Certainly not off topic for this member! Of interest in connexion with The Inquisitive Problem Solver (Vaderlind, Guy & Larson) Problem 234. There, we're concerned with the perimeters of the triangles formed by a side and two of the distances, and the relevant equation is a sextic, I believe I recall, though we don't bother our readers with that. When you move into higher dimensions you must make sure that all dimensions are represented. As you observe, in three dimensions, the four corners of one face won't do, because the point doesn't know that it's outside that plane. Of course, in general, four distances won't be compatible. There's also a connexion with an unsolved problem, now possibly describable as clasical (see D19 in Unsolved Problems in Number Theory): Is there a point, in the plane of a rational sided square, at rational distances from all four corners of the square? Let me know if any Hyacinthian or Math Funster solves this! R. On Tue, 25 Mar 2003, mjc_w wrote:
Recently, inspired by a thread in sci.math, I worked out the solution to determining the size of a square given the distances from a point to 3 of its vertices. I know that this has been done many times before, but I found some of my results interesting.

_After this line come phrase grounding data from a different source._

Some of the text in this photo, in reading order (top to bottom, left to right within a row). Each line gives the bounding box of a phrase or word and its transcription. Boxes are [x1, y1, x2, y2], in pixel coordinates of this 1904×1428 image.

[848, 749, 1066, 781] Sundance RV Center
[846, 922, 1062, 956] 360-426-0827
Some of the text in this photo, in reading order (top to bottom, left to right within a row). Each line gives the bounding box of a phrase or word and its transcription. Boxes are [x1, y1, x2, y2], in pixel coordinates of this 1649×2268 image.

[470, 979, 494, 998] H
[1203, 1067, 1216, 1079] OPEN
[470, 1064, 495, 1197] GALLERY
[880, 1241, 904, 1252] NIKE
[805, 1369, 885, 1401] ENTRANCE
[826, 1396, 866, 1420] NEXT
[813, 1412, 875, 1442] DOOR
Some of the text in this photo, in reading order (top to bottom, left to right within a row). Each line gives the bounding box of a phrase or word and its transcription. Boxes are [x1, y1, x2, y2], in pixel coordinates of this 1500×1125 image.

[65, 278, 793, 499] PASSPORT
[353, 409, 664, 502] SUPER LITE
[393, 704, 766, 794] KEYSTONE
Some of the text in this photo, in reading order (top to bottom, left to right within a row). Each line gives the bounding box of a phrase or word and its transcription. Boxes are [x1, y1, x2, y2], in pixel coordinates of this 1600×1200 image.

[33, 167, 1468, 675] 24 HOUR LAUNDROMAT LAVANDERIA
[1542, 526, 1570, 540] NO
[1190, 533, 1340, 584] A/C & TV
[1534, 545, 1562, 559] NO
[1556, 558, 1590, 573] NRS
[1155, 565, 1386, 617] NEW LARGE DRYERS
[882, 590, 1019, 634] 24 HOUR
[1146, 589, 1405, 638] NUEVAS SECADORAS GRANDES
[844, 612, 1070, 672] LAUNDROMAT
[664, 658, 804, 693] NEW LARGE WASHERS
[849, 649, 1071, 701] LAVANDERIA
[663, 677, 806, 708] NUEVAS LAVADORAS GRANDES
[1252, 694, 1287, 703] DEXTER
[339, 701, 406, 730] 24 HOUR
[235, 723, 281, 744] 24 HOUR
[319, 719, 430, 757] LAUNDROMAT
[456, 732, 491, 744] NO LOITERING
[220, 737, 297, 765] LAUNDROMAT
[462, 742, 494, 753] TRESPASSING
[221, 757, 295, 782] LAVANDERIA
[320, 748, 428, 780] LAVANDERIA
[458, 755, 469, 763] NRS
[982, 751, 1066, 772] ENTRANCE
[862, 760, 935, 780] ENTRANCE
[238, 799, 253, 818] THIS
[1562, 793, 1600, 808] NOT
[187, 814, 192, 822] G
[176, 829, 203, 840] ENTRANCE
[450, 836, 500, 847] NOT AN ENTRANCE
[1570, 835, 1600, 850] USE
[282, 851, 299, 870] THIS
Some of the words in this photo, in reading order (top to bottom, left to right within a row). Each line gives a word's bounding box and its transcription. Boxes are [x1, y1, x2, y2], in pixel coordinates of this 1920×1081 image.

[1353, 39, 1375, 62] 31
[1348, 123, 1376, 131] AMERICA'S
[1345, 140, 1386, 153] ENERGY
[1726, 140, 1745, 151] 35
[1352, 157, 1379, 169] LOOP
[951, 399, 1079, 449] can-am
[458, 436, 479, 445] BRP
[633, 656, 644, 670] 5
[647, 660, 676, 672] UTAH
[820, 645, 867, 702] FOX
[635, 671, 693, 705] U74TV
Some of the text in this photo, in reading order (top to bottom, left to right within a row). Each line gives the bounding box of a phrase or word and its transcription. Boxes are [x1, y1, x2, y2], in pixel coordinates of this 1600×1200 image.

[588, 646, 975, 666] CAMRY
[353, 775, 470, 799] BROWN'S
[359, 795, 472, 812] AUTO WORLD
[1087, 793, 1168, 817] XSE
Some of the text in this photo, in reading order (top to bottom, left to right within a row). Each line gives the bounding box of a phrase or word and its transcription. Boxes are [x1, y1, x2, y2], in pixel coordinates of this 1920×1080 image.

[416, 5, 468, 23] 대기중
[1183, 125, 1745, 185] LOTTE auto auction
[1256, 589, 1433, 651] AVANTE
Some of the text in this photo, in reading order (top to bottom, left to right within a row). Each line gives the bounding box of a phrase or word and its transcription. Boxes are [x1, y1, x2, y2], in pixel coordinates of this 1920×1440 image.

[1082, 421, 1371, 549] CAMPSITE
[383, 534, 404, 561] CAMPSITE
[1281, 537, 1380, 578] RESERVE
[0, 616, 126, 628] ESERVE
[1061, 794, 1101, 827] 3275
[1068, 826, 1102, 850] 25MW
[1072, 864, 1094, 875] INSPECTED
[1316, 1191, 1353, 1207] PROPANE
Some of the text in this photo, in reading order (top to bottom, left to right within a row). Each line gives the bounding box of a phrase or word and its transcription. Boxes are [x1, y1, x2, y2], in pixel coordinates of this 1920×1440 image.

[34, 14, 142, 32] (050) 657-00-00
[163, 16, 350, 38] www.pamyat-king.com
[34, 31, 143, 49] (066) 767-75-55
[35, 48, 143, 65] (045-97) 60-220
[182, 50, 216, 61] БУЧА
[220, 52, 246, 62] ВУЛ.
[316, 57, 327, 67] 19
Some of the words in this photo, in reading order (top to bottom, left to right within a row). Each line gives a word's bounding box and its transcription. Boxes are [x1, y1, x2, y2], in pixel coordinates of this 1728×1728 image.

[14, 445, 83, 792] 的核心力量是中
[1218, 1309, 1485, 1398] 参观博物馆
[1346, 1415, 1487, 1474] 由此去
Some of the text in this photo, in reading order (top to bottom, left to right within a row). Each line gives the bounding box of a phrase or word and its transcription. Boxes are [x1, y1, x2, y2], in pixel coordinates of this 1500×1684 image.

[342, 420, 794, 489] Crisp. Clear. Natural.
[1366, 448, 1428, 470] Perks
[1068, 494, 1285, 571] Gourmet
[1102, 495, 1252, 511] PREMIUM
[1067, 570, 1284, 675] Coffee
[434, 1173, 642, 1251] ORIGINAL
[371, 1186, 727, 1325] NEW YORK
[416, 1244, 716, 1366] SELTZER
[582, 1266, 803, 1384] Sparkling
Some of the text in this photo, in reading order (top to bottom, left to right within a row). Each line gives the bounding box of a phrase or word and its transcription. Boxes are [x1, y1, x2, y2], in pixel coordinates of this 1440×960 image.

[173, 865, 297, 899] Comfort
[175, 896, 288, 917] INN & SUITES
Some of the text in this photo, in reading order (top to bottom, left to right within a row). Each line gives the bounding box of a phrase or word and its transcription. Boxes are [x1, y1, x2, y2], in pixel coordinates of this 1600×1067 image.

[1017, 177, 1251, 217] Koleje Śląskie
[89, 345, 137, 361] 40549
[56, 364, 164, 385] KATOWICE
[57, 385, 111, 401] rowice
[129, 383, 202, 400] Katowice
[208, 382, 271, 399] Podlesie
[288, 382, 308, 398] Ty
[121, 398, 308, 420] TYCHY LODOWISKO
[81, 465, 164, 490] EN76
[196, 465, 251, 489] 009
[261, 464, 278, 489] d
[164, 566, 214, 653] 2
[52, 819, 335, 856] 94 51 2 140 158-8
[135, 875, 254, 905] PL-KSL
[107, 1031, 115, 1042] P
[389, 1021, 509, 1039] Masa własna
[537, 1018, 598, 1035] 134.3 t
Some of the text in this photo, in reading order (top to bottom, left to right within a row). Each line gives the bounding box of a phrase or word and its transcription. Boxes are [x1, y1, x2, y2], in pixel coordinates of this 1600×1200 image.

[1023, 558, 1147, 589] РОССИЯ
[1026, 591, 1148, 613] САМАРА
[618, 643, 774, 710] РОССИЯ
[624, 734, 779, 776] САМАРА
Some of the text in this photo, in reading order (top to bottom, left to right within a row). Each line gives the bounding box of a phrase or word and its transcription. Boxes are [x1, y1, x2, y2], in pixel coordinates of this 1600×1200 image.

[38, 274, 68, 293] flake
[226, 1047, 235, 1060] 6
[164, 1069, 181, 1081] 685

To summarize, if the distances to 3 consecituve vertices from a point are a, b, and c, with b in the middle, then the side s has its square t=s^2 satisfying the quadratic
0 = 2*t^2 - 2*t*(a^2+c^2) + (a^2-b^2)^2 + (c^2-b^2)^2
So, the side is clearly constructable.
I noticed that the discriminant of this quadratic can be factored as
-( (a-c)^2 - 2*b^2 )*( (a+c)^2 - 2*b^2 )
so that, since this must be positive to have a real root, the condition for the square to exist is
|a-c| <= b*sqrt(2) <= a+c.
I have extended this to the case of determining the side of an n-dimensional cube from the distances of a point to n+1 of the vertices. It turns out that this can be done if the ordinates of the vertices do not omit any of the ordinates of the sides of the cube (e.g., for a 3-d cube, having all 4 vertices on one face does not work). In particular, having n vertices all adjacent to the n+1-st vertex works.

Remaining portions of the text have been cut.